Mr. Sherman to Mr. Dupuy de Lôme.

No. 270.]

Sir: You will doubtless recall the correspondence* which took place between my esteemed predecessor and yourself in February and March of last year concerning the expropriation of property of citizens of the United States for military use in Cuba, in violation of the provisions of article 7 of the treaty of 1795, and you will especially remember the gratifying assurance conveyed by your note of April 1, 1896, that General Weyler had issued positive orders to the civil as well as the military authorities of the island, in conformity with the wishes expressed in Mr. Olney’s note of February 14 preceding.
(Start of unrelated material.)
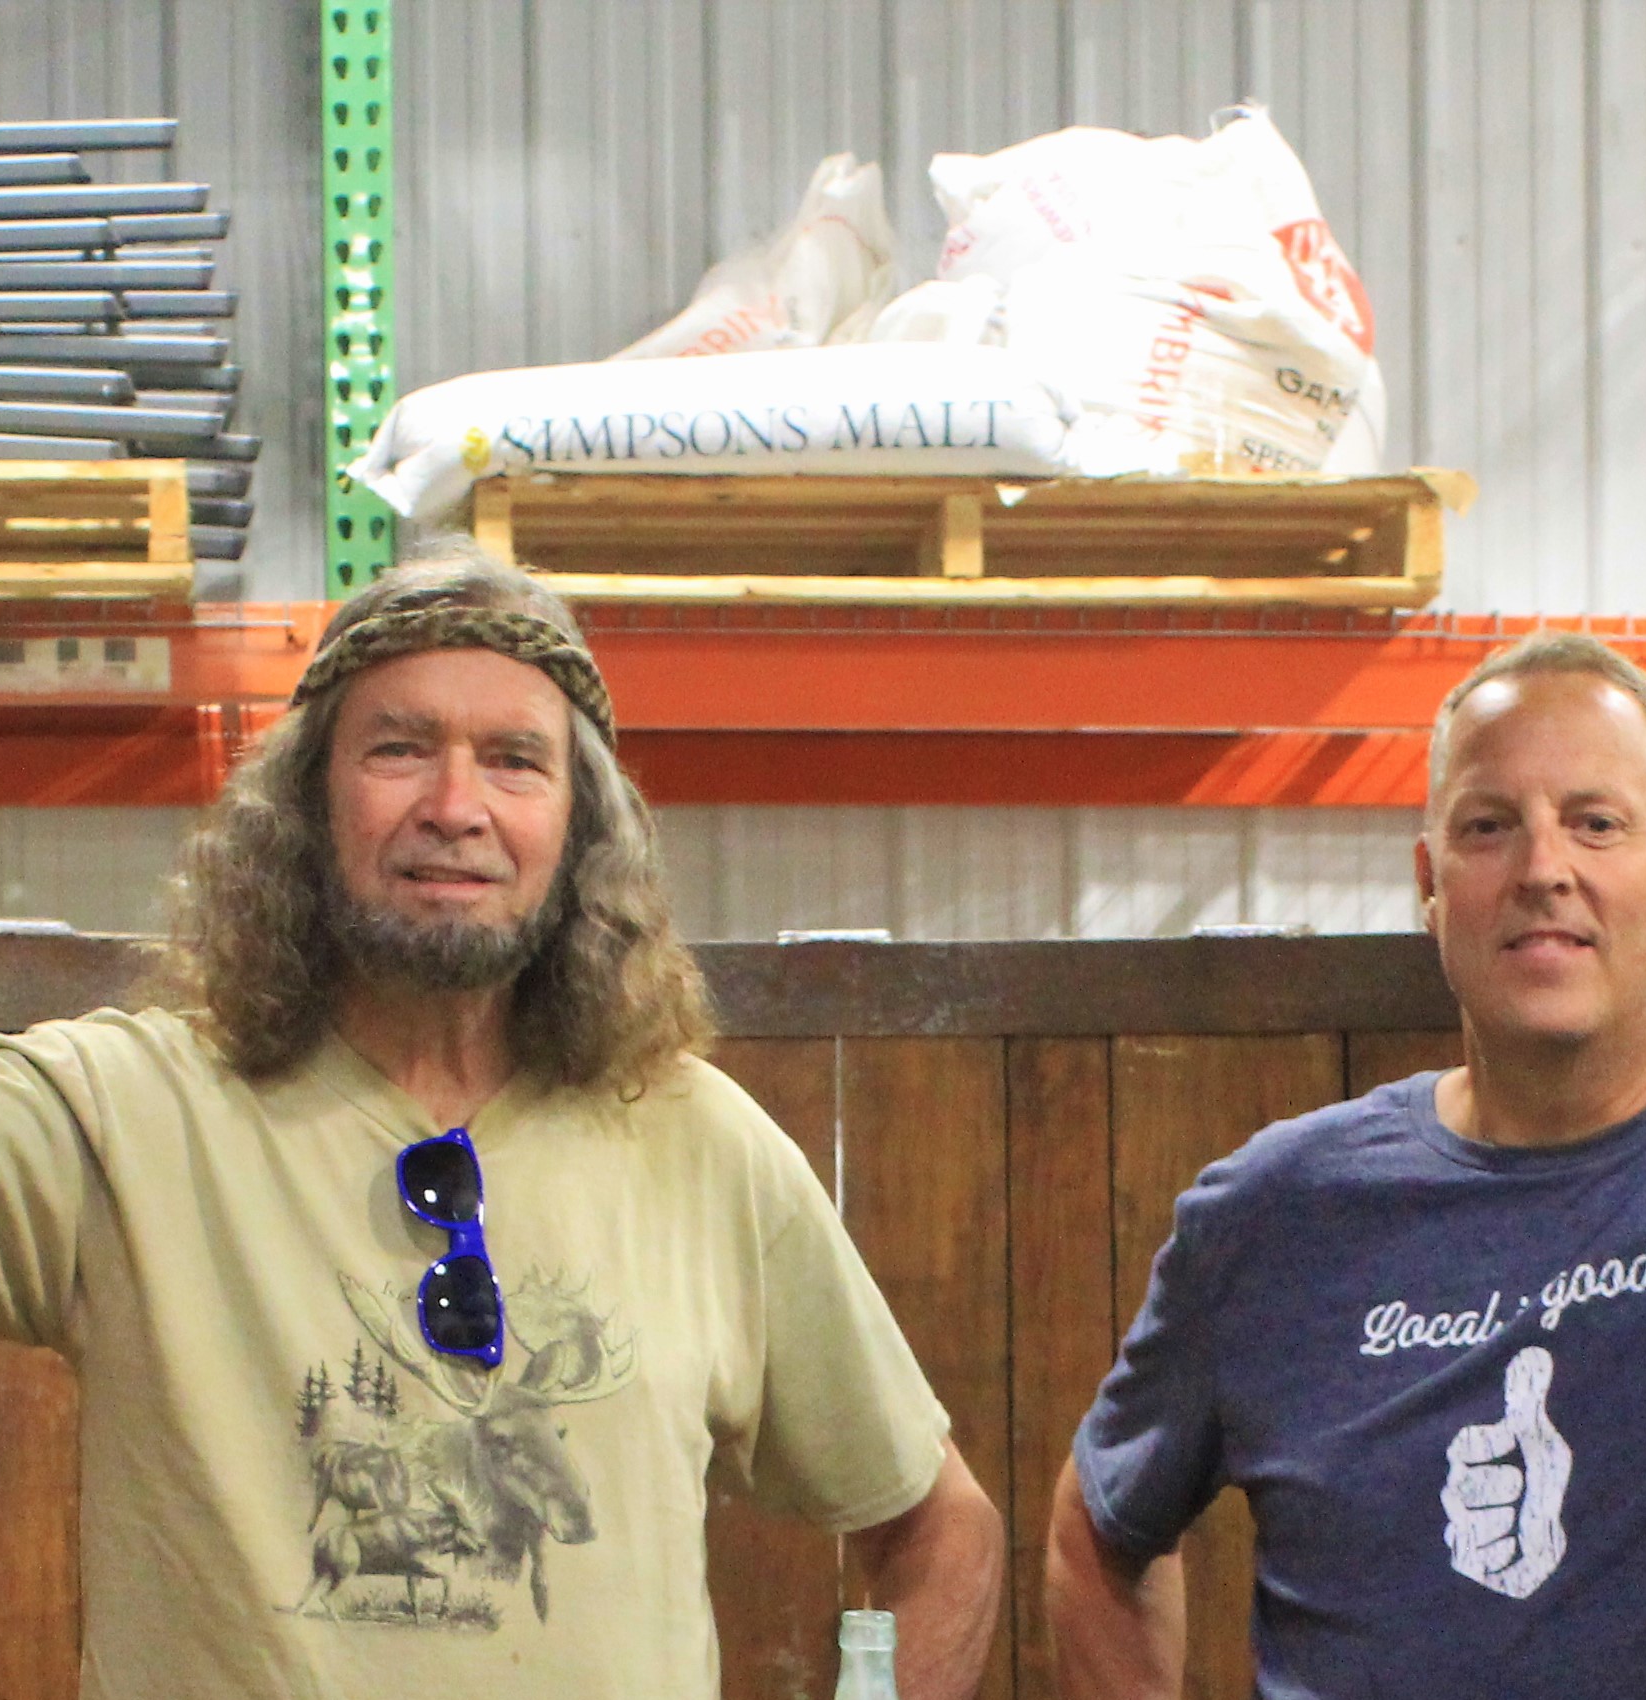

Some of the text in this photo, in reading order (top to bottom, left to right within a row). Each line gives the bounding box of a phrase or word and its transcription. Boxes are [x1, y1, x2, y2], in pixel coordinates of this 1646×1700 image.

[501, 399, 1012, 463] SIMPSONS MALT
[1359, 1290, 1504, 1356] Local
The comparative lack of complaint on this score during the past year has been regarded by this Government as a gratifying proof that the just claims of this Government to protect the property rights of its citizens in Cuba under existing treaties were distinctly admitted and positively safeguarded. A circumstance, however, is now reported to me, which, if it does not arise in ignorance of the facts of ownership or in gross misconception of his rights and obligations in the matter on the part of the superior authority of the Island of Cuba, manifests such a complete disregard of the rights of an American citizen as to [Page 515] call for earnest protest and instant demand, such as the consul-general of the United States at Havana has been instructed by cable to make.

I am advised that the sugar estate known as La Confianza, situated in Vieja Bermeja, in the district of Alfonso XII and the province of Matanzas, has been virtually seized by the royal authorities under a proclamation by which the whole of the said estate has been included in one of the “agricultural zones” created by the Governor-General of the island for the declared purpose of relieving the distress of the inhabitants resulting from the enforced concentration of destitute agricultural labor in the garrison towns without resources of their own and without adequate support by the State. The property in question belongs to a citizen of the United States, Mrs. Enriqueta Echarte de Farres, wife of the American citizen Edelberto Farres, residing in New York.
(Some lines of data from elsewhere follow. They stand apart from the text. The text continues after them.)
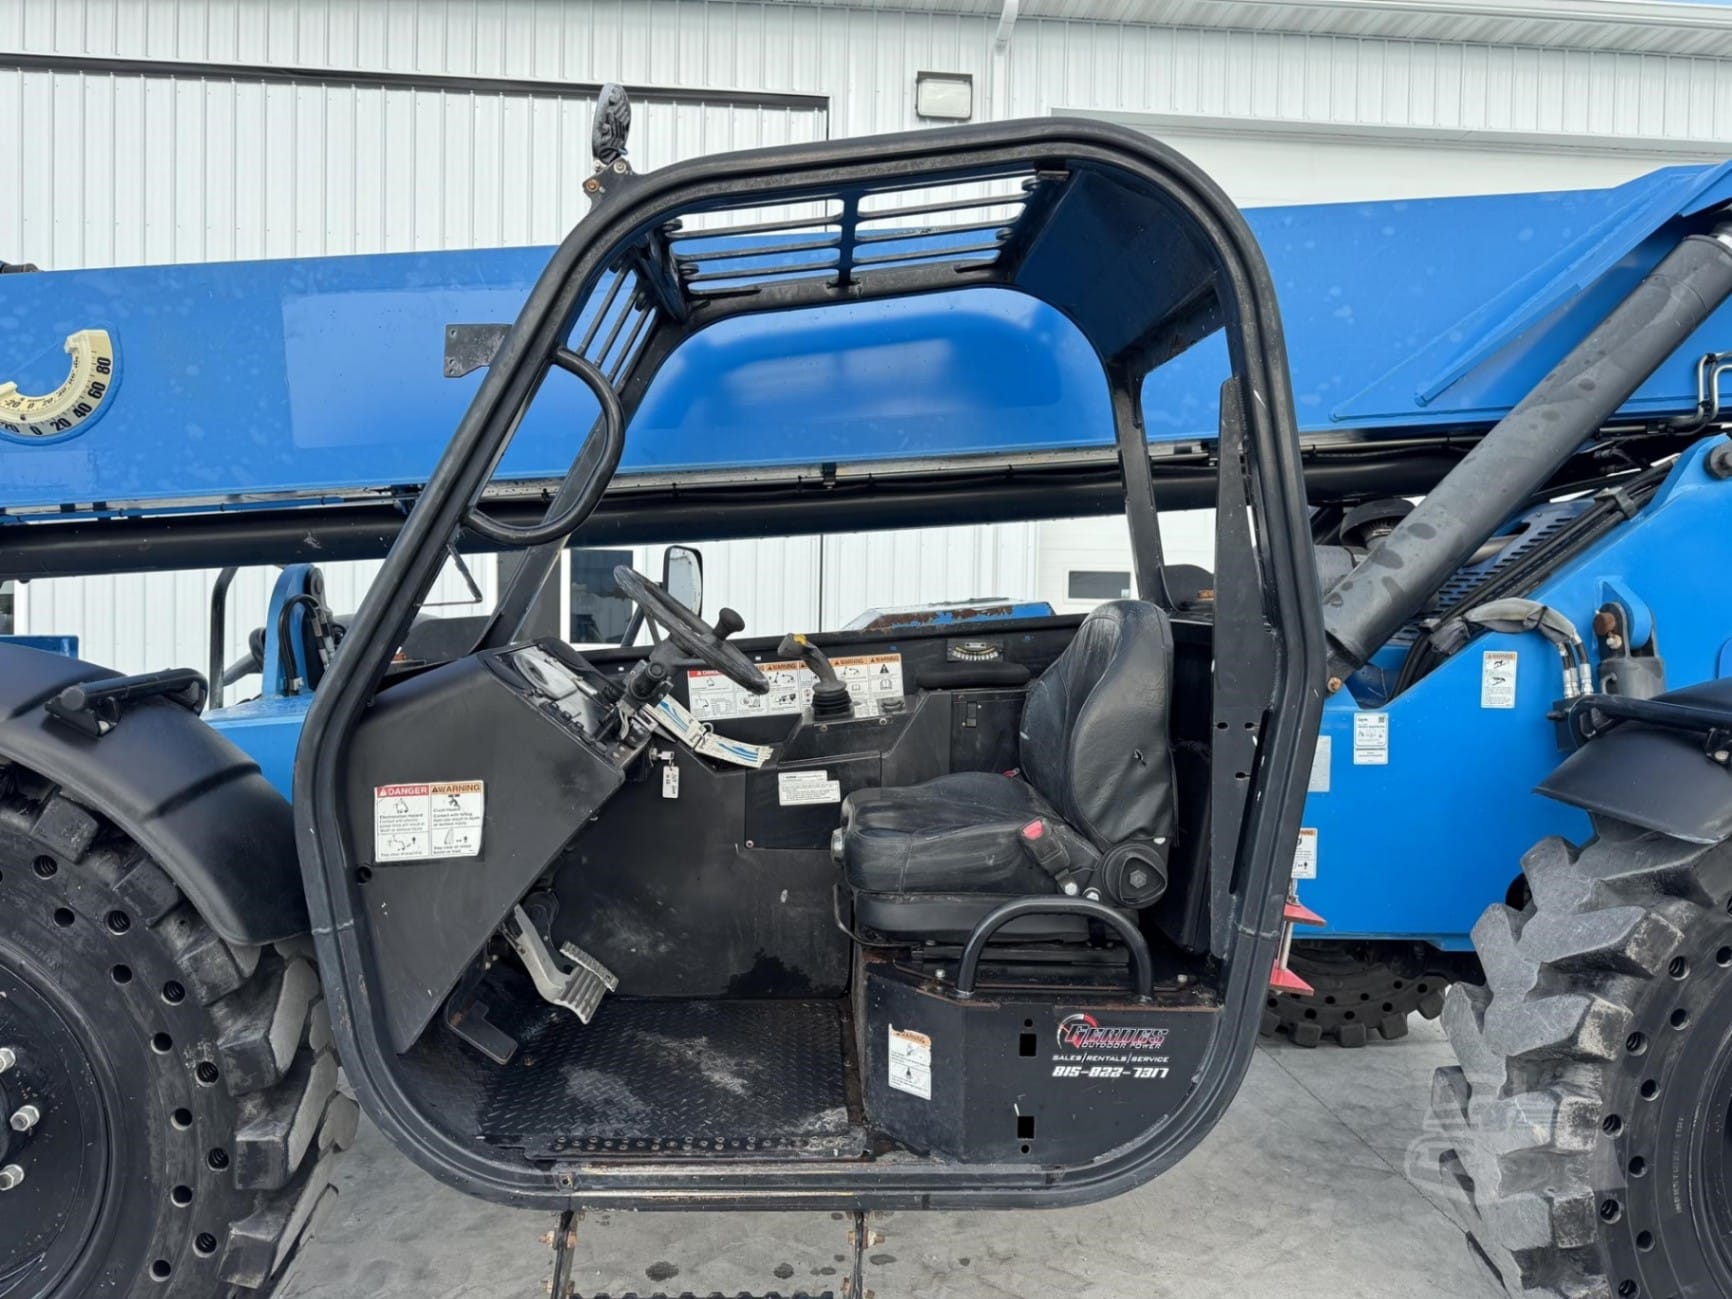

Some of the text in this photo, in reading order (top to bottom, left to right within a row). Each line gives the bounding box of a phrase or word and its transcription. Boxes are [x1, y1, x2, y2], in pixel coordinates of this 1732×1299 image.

[96, 357, 111, 375] 80
[88, 381, 106, 399] 60
[73, 402, 92, 418] 40
[29, 425, 43, 435] 0
[50, 418, 72, 431] 20
[387, 786, 428, 796] DANGER
[438, 783, 481, 793] WARNING
I had occasion, in my note of the 26th ultimo, to set forth the views of the President respecting certain inhumane practices in the conduct of the present protracted war in Cuba, and especially with regard to the concentration of the dispossessed laborers of the plantations in the garrison towns, there to be huddled without means of existence and to be exposed to pestilence as well as famine. That the inhumane aspect of this measure may have impressed itself upon the responsible representative of His Majesty’s rule in Cuba, and may have suggested the need of providing occupation and support for the starving crowds his policy has forced into the cities or camped in their purlieus, may be an encouraging sign from which I should regret to withhold any just praise, but I can not ignore, the fact that the appropriation of the estate of an American citizen and its diversion from its hitherto productive uses for its owner’s benefit by conversion into an agricultural colony of impoverished concentrados, however commendable from the Spanish standpoint or from that of abstract humanity, is a flat violation of the treaty rights of that citizen.

Your Government has admitted the wrongfulness of the practice of expropriating the property of citizens of the United States, even when the military exigencies of a campaign in the field might be pleaded in excuse for taking supplies and food for which rightful compensation is made. It is obviously a more unlawful proceeding to invade the landed estate of an alien owner and, by virtual confiscation thereof, convert it indefinitely to the public use as an agricultural settlement under conditions which, even if their early termination might be looked for, must destroy the material resources of the property, depriving the owner of even the poor return which might enable the constantly accruing taxation thereon to be met, and working grievous wrong to a citizen of a friendly State.

The consul-general of the United States at Havana has been instructed that the right of this Government to protest against the order referred to, and to demand its revocation so far as it shall be found to violate the treaty rights of an American citizen, is beyond question, and he is told, while strongly but temporarily obeying the President’s direction, to leave no doubt in the mind of the responsible Spanish authority of the Island of Cuba as to the earnestness of the demand or as to the confidence here felt that it will be promptly respected as befits the good relations which this Government is desirous in every way to subserve.

I should be glad if you would add your representations to mine, in order that this just cause of remonstrance may be dispelled.

Accept, etc.,

John Sherman.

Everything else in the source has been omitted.